Reseña: Stanley Kubrick en MARCO

17.03.2015

Abel Cervantes

A la pregunta “¿qué tipo de cineastas tienen cabida en un museo o qué tipo de artistas pueden exhibir su trabajo en una sala cinematográfica?” podríamos intentar varias respuestas. Aquellos que, interesados en las cualidades artísticas de las imágenes en movimiento, conciben su obra como una que se desplaza entre el arte y el cine sin distinguir fronteras (Harun Farocki, Chris Marker, Apichatpong Weerasethakuk, Agnès Varda, Debora Stratman, James Benning…). Aquellos artistas cuyos propósitos son relevantes para el cine (Andy Warhol, Martha Rosler). O aquellos que a pesar de no tener ningún propósito museístico, han imaginado una obra audiovisual y narrativa que por sus alcances estéticos ha trascendido su disciplina (Jean-Luc Godard, Stanley Kubrick).

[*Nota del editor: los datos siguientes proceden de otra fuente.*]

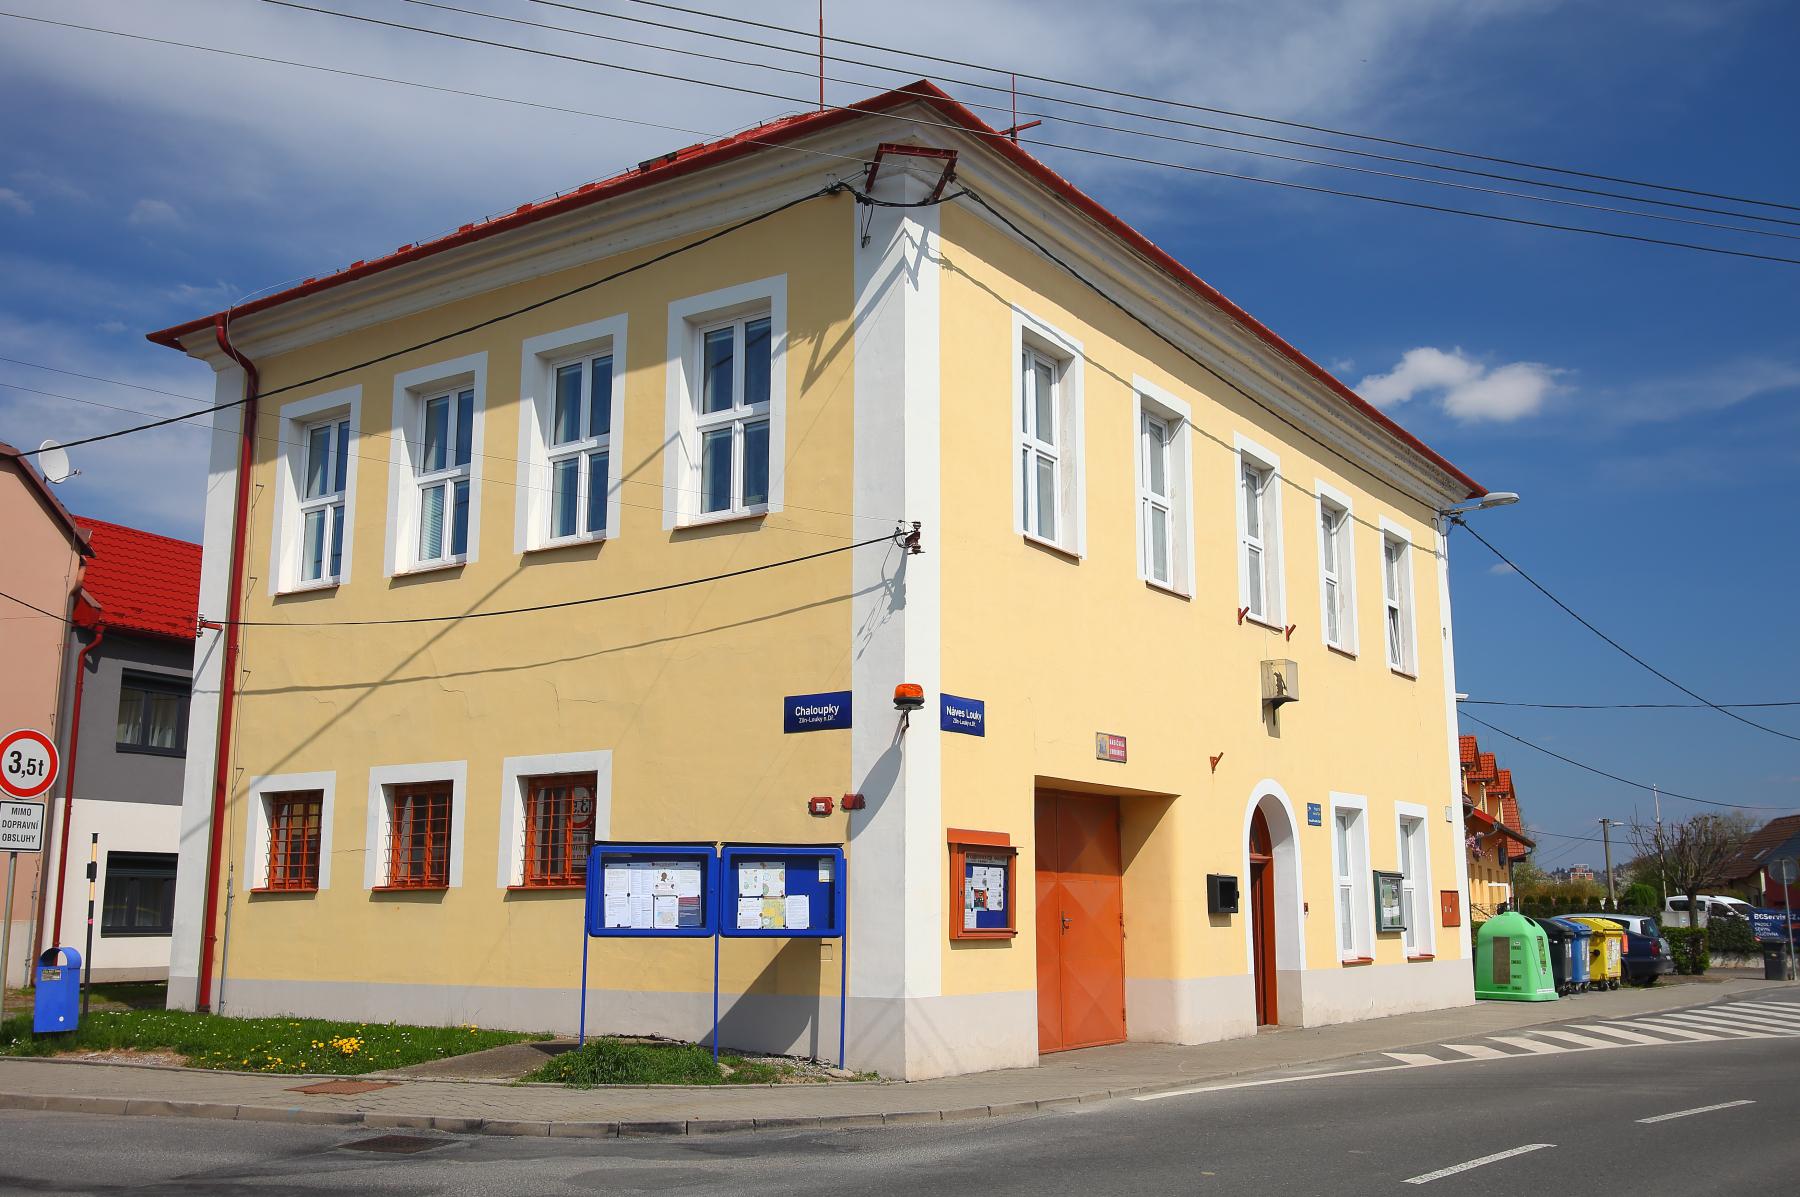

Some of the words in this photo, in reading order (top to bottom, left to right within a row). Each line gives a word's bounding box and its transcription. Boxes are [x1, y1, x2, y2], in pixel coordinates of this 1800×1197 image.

Organizada por el Deutsches Filmmuseum Frankfurt am Main, Christiane Kubrick y Jan Harlan, Stanley Kubrick es el testimonio de la relevancia, pero también de la muerte, del trabajo del director neoyorquino. En “Sobre lo nuevo” Boris Groys menciona que “[a]quello que se exhibe en el museo es considerado automáticamente como perteneciente al pasado, como muerto”. Y más adelante: las culturas tratan de mantener su identidad reproduciendo su pasado. “Lo hacen porque sienten la amenaza del olvido, una pérdida total de su memoria histórica”.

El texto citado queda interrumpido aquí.